• _EXERCISE DESCRIPTION_: Please output every entry below precisely as written.

• _Dataset entries_:

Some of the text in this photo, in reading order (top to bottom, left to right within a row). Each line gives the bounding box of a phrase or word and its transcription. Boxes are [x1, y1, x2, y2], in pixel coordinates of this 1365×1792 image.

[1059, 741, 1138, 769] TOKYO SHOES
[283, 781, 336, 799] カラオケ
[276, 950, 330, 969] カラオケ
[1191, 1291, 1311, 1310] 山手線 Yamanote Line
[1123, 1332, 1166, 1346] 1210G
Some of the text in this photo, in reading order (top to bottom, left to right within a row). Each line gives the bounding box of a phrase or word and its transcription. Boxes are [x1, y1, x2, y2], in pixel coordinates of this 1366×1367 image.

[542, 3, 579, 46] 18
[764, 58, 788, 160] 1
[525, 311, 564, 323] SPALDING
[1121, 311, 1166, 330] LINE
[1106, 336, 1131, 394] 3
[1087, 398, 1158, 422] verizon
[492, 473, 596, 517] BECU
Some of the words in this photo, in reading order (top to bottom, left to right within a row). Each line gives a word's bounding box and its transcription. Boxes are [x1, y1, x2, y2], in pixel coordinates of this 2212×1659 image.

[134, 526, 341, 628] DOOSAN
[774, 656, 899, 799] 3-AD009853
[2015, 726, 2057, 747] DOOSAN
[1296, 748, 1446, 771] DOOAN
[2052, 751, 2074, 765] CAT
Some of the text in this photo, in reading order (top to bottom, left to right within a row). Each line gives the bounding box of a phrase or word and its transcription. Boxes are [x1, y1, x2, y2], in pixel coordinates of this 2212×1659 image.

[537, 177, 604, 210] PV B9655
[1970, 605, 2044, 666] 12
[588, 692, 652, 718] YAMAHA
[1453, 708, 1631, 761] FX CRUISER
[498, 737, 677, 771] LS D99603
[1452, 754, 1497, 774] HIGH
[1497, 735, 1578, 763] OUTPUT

• _WRITTEN RESPONSE_:
Some of the text in this photo, in reading order (top to bottom, left to right within a row). Each line gives the bounding box of a phrase or word and its transcription. Boxes are [x1, y1, x2, y2], in pixel coordinates of this 1365×1792 image.

[1059, 741, 1138, 769] TOKYO SHOES
[283, 781, 336, 799] カラオケ
[276, 950, 330, 969] カラオケ
[1191, 1291, 1311, 1310] 山手線 Yamanote Line
[1123, 1332, 1166, 1346] 1210G
Some of the text in this photo, in reading order (top to bottom, left to right within a row). Each line gives the bounding box of a phrase or word and its transcription. Boxes are [x1, y1, x2, y2], in pixel coordinates of this 1366×1367 image.

[542, 3, 579, 46] 18
[764, 58, 788, 160] 1
[525, 311, 564, 323] SPALDING
[1121, 311, 1166, 330] LINE
[1106, 336, 1131, 394] 3
[1087, 398, 1158, 422] verizon
[492, 473, 596, 517] BECU
Some of the words in this photo, in reading order (top to bottom, left to right within a row). Each line gives a word's bounding box and its transcription. Boxes are [x1, y1, x2, y2], in pixel coordinates of this 2212×1659 image.

[134, 526, 341, 628] DOOSAN
[774, 656, 899, 799] 3-AD009853
[2015, 726, 2057, 747] DOOSAN
[1296, 748, 1446, 771] DOOAN
[2052, 751, 2074, 765] CAT
Some of the text in this photo, in reading order (top to bottom, left to right within a row). Each line gives the bounding box of a phrase or word and its transcription. Boxes are [x1, y1, x2, y2], in pixel coordinates of this 2212×1659 image.

[537, 177, 604, 210] PV B9655
[1970, 605, 2044, 666] 12
[588, 692, 652, 718] YAMAHA
[1453, 708, 1631, 761] FX CRUISER
[498, 737, 677, 771] LS D99603
[1452, 754, 1497, 774] HIGH
[1497, 735, 1578, 763] OUTPUT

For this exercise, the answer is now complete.